* Image-backed grounding data
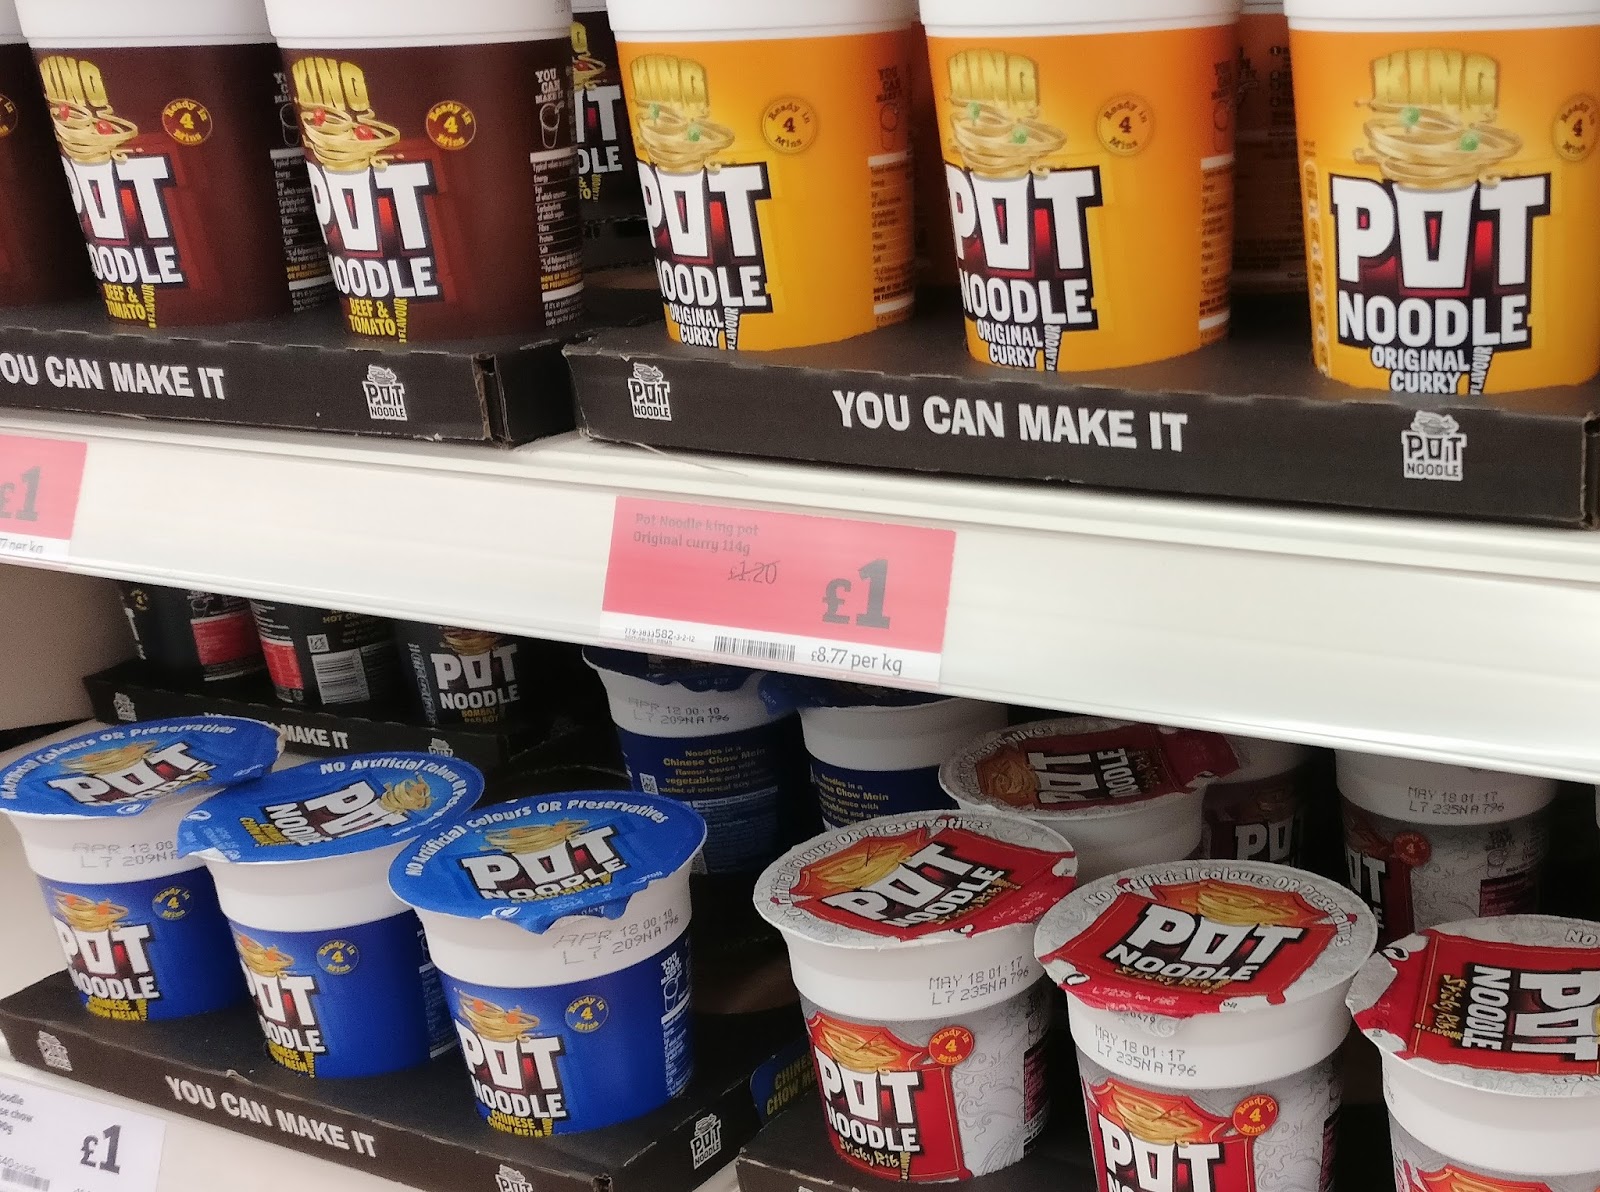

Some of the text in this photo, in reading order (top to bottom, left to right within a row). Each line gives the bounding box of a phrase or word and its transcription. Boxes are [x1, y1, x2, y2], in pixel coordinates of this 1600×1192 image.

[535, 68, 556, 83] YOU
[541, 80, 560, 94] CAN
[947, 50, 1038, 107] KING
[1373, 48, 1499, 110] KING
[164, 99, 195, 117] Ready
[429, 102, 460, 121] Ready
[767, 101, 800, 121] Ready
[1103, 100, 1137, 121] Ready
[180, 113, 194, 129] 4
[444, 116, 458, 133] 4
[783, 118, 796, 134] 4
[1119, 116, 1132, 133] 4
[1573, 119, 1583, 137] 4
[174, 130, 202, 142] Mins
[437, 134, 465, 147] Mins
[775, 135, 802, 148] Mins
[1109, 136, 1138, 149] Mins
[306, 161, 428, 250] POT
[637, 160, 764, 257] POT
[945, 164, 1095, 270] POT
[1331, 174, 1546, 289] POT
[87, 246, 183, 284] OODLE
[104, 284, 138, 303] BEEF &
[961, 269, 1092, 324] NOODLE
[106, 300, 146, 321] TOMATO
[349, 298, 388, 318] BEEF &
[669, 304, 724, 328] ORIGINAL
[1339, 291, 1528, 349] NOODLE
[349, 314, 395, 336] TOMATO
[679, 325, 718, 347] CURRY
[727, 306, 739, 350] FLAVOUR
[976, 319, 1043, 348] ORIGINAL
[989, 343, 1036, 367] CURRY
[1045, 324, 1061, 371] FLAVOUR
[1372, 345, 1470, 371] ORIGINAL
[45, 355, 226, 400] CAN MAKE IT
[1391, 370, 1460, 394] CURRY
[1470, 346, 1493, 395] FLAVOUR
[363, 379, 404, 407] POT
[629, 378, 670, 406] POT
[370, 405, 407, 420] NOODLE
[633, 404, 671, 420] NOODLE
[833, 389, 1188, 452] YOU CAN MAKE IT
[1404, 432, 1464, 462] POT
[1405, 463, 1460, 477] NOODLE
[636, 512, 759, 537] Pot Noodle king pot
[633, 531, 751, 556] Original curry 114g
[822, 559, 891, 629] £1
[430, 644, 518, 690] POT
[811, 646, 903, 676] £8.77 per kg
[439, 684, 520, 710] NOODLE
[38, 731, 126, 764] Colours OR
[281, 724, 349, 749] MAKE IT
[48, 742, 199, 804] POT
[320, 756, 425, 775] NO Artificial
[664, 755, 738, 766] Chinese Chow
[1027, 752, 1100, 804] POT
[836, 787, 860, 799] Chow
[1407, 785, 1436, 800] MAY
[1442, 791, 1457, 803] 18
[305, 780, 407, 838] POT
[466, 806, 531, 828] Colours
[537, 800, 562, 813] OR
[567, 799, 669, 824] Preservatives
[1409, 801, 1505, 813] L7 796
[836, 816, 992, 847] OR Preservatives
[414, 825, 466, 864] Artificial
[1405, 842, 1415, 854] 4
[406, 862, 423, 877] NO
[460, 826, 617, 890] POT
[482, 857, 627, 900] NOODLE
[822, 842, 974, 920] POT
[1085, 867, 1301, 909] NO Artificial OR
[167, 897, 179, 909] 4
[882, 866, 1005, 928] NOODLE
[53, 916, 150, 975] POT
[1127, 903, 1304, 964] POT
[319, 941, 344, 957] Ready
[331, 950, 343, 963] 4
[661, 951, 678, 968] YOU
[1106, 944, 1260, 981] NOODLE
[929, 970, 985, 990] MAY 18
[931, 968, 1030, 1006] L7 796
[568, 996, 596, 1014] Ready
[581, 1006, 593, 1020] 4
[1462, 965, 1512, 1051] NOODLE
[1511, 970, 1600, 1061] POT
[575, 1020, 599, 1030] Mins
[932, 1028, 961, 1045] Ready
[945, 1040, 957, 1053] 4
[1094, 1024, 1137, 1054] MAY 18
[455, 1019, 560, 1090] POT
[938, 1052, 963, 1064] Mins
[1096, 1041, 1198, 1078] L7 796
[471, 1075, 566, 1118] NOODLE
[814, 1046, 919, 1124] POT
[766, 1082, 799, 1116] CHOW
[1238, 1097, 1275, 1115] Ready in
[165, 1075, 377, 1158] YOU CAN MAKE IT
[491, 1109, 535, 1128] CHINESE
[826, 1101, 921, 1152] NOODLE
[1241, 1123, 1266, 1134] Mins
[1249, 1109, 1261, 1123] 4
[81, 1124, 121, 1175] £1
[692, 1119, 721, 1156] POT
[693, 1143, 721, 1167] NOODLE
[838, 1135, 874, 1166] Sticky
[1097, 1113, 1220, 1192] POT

* What to work on
Would you repeat the entries exactly, but with no pictures?

* Response to the exercise
Some of the text in this photo, in reading order (top to bottom, left to right within a row). Each line gives the bounding box of a phrase or word and its transcription. Boxes are [x1, y1, x2, y2], in pixel coordinates of this 1600×1192 image.

[535, 68, 556, 83] YOU
[541, 80, 560, 94] CAN
[947, 50, 1038, 107] KING
[1373, 48, 1499, 110] KING
[164, 99, 195, 117] Ready
[429, 102, 460, 121] Ready
[767, 101, 800, 121] Ready
[1103, 100, 1137, 121] Ready
[180, 113, 194, 129] 4
[444, 116, 458, 133] 4
[783, 118, 796, 134] 4
[1119, 116, 1132, 133] 4
[1573, 119, 1583, 137] 4
[174, 130, 202, 142] Mins
[437, 134, 465, 147] Mins
[775, 135, 802, 148] Mins
[1109, 136, 1138, 149] Mins
[306, 161, 428, 250] POT
[637, 160, 764, 257] POT
[945, 164, 1095, 270] POT
[1331, 174, 1546, 289] POT
[87, 246, 183, 284] OODLE
[104, 284, 138, 303] BEEF &
[961, 269, 1092, 324] NOODLE
[106, 300, 146, 321] TOMATO
[349, 298, 388, 318] BEEF &
[669, 304, 724, 328] ORIGINAL
[1339, 291, 1528, 349] NOODLE
[349, 314, 395, 336] TOMATO
[679, 325, 718, 347] CURRY
[727, 306, 739, 350] FLAVOUR
[976, 319, 1043, 348] ORIGINAL
[989, 343, 1036, 367] CURRY
[1045, 324, 1061, 371] FLAVOUR
[1372, 345, 1470, 371] ORIGINAL
[45, 355, 226, 400] CAN MAKE IT
[1391, 370, 1460, 394] CURRY
[1470, 346, 1493, 395] FLAVOUR
[363, 379, 404, 407] POT
[629, 378, 670, 406] POT
[370, 405, 407, 420] NOODLE
[633, 404, 671, 420] NOODLE
[833, 389, 1188, 452] YOU CAN MAKE IT
[1404, 432, 1464, 462] POT
[1405, 463, 1460, 477] NOODLE
[636, 512, 759, 537] Pot Noodle king pot
[633, 531, 751, 556] Original curry 114g
[822, 559, 891, 629] £1
[430, 644, 518, 690] POT
[811, 646, 903, 676] £8.77 per kg
[439, 684, 520, 710] NOODLE
[38, 731, 126, 764] Colours OR
[281, 724, 349, 749] MAKE IT
[48, 742, 199, 804] POT
[320, 756, 425, 775] NO Artificial
[664, 755, 738, 766] Chinese Chow
[1027, 752, 1100, 804] POT
[836, 787, 860, 799] Chow
[1407, 785, 1436, 800] MAY
[1442, 791, 1457, 803] 18
[305, 780, 407, 838] POT
[466, 806, 531, 828] Colours
[537, 800, 562, 813] OR
[567, 799, 669, 824] Preservatives
[1409, 801, 1505, 813] L7 796
[836, 816, 992, 847] OR Preservatives
[414, 825, 466, 864] Artificial
[1405, 842, 1415, 854] 4
[406, 862, 423, 877] NO
[460, 826, 617, 890] POT
[482, 857, 627, 900] NOODLE
[822, 842, 974, 920] POT
[1085, 867, 1301, 909] NO Artificial OR
[167, 897, 179, 909] 4
[882, 866, 1005, 928] NOODLE
[53, 916, 150, 975] POT
[1127, 903, 1304, 964] POT
[319, 941, 344, 957] Ready
[331, 950, 343, 963] 4
[661, 951, 678, 968] YOU
[1106, 944, 1260, 981] NOODLE
[929, 970, 985, 990] MAY 18
[931, 968, 1030, 1006] L7 796
[568, 996, 596, 1014] Ready
[581, 1006, 593, 1020] 4
[1462, 965, 1512, 1051] NOODLE
[1511, 970, 1600, 1061] POT
[575, 1020, 599, 1030] Mins
[932, 1028, 961, 1045] Ready
[945, 1040, 957, 1053] 4
[1094, 1024, 1137, 1054] MAY 18
[455, 1019, 560, 1090] POT
[938, 1052, 963, 1064] Mins
[1096, 1041, 1198, 1078] L7 796
[471, 1075, 566, 1118] NOODLE
[814, 1046, 919, 1124] POT
[766, 1082, 799, 1116] CHOW
[1238, 1097, 1275, 1115] Ready in
[165, 1075, 377, 1158] YOU CAN MAKE IT
[491, 1109, 535, 1128] CHINESE
[826, 1101, 921, 1152] NOODLE
[1241, 1123, 1266, 1134] Mins
[1249, 1109, 1261, 1123] 4
[81, 1124, 121, 1175] £1
[692, 1119, 721, 1156] POT
[693, 1143, 721, 1167] NOODLE
[838, 1135, 874, 1166] Sticky
[1097, 1113, 1220, 1192] POT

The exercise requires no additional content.